Study: Spending too much time on Facebook could drive you mad
How Facebook users use the site makes a difference in how they respond to it.
It’s no secret that spending countless hours creeping on your Facebook friends isn’t good for your health, but according to a recent study, the proof is in the pudding.
Researchers found that hefty doses of Facebook could make some people harbor deep feelings of envy, which can eventually turn into depression.
Margret Duffy, a professor and chair of strategic communication at the MU School of Journalism, said in a statement, “Facebook can be a fun and healthy activity if users take advantage of the site to stay connected with family and old friends and to share interesting and important aspects of their lives,” Duffy said. “However, if Facebook is used to see how well an acquaintance is doing financially or how happy an old friend is in his relationship—things that cause envy among users—use of the site can lead to feelings of depression.”
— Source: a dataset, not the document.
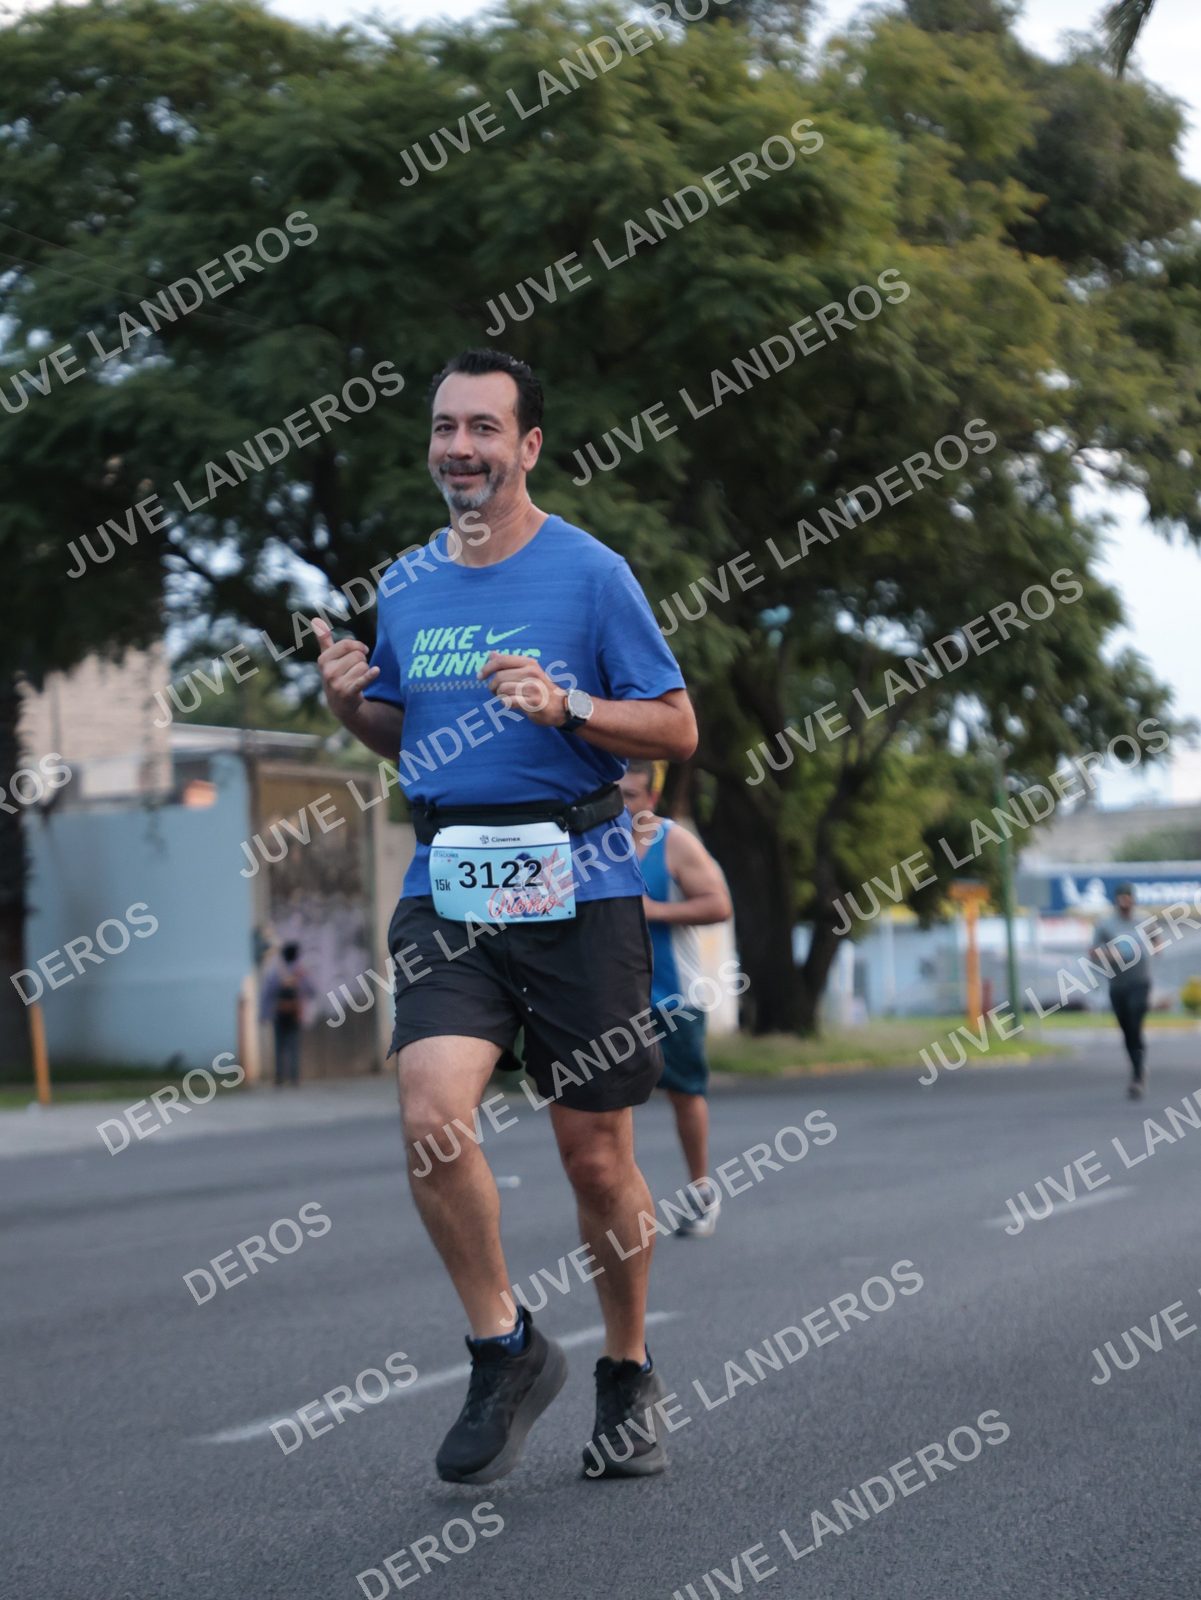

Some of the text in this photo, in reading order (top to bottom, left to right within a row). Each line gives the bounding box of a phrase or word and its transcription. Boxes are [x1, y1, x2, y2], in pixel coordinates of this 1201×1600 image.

[411, 625, 482, 654] NIKE
[407, 648, 541, 679] RUNN
[491, 835, 520, 843] Cinemex
[458, 859, 544, 888] 3122
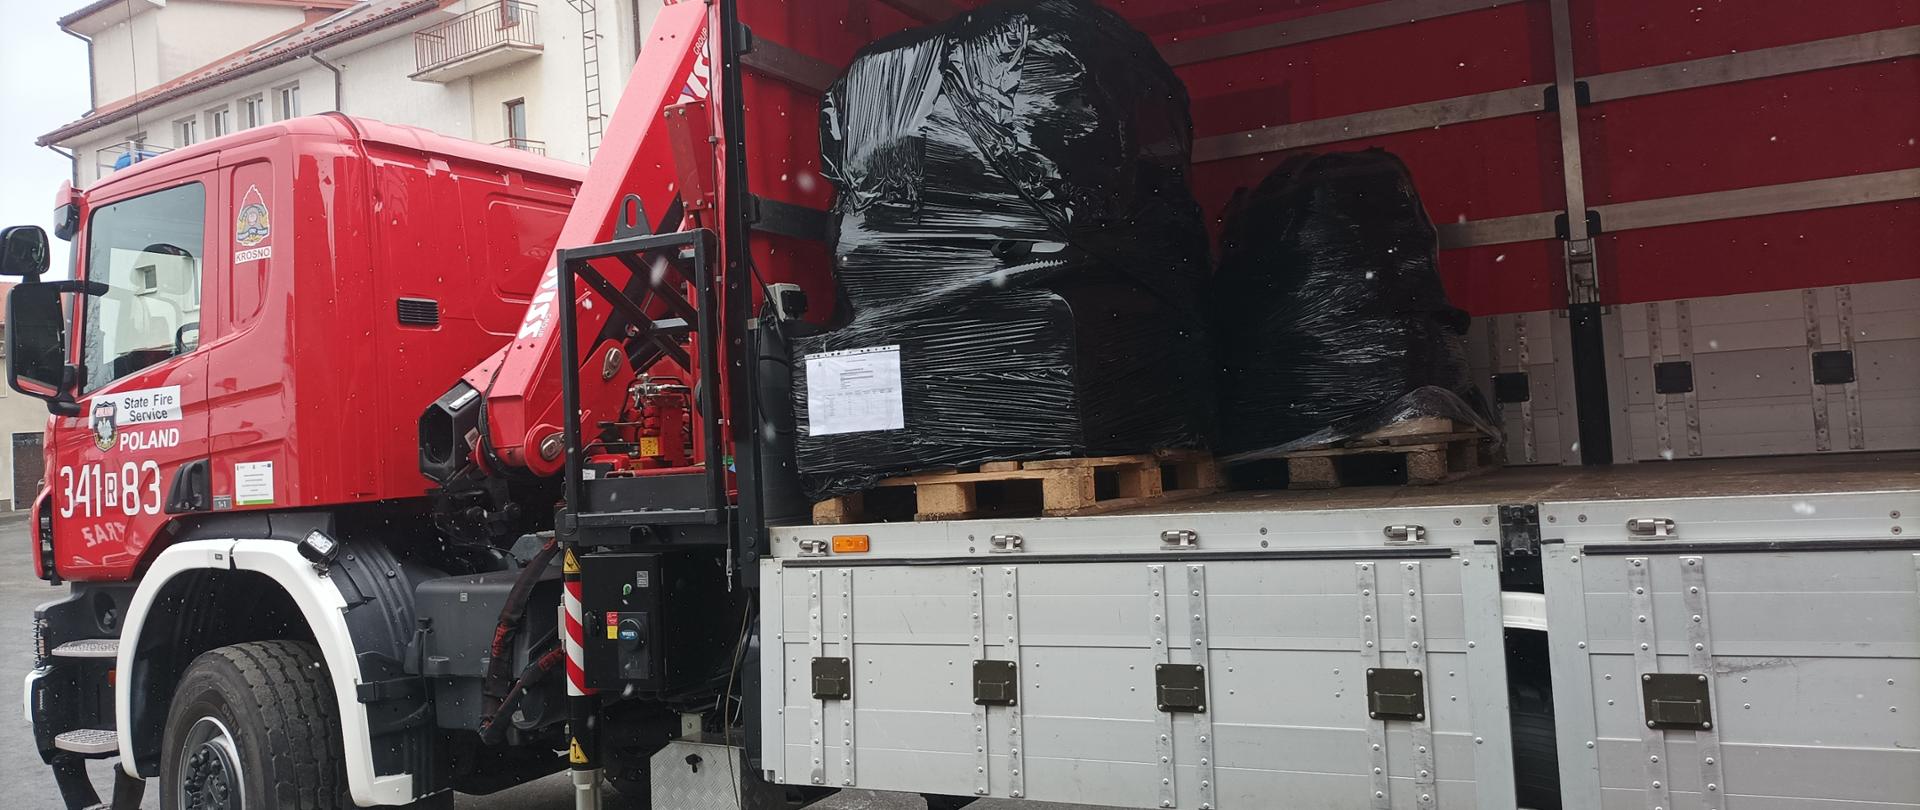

The study surveyed over 700 college students from University of Missouri. The students used Facebook for an average of two hours a day, everyday. The average user was 19 years-old.
According to a report by the Huffington Post, “participants filled out a survey indicating how much they use Facebook and what they do on the social network. They were also asked to rate how much they agreed with statements linked to feelings of envy, such as, “I generally feel inferior to others,” or “It somehow doesn’t seem fair that some people seem to have all the fun.” Then, participants rated how much they agreed with phrases that corresponded to depression, such as, “I was bothered by things that usually don’t bother me” and “I talked less than usual.”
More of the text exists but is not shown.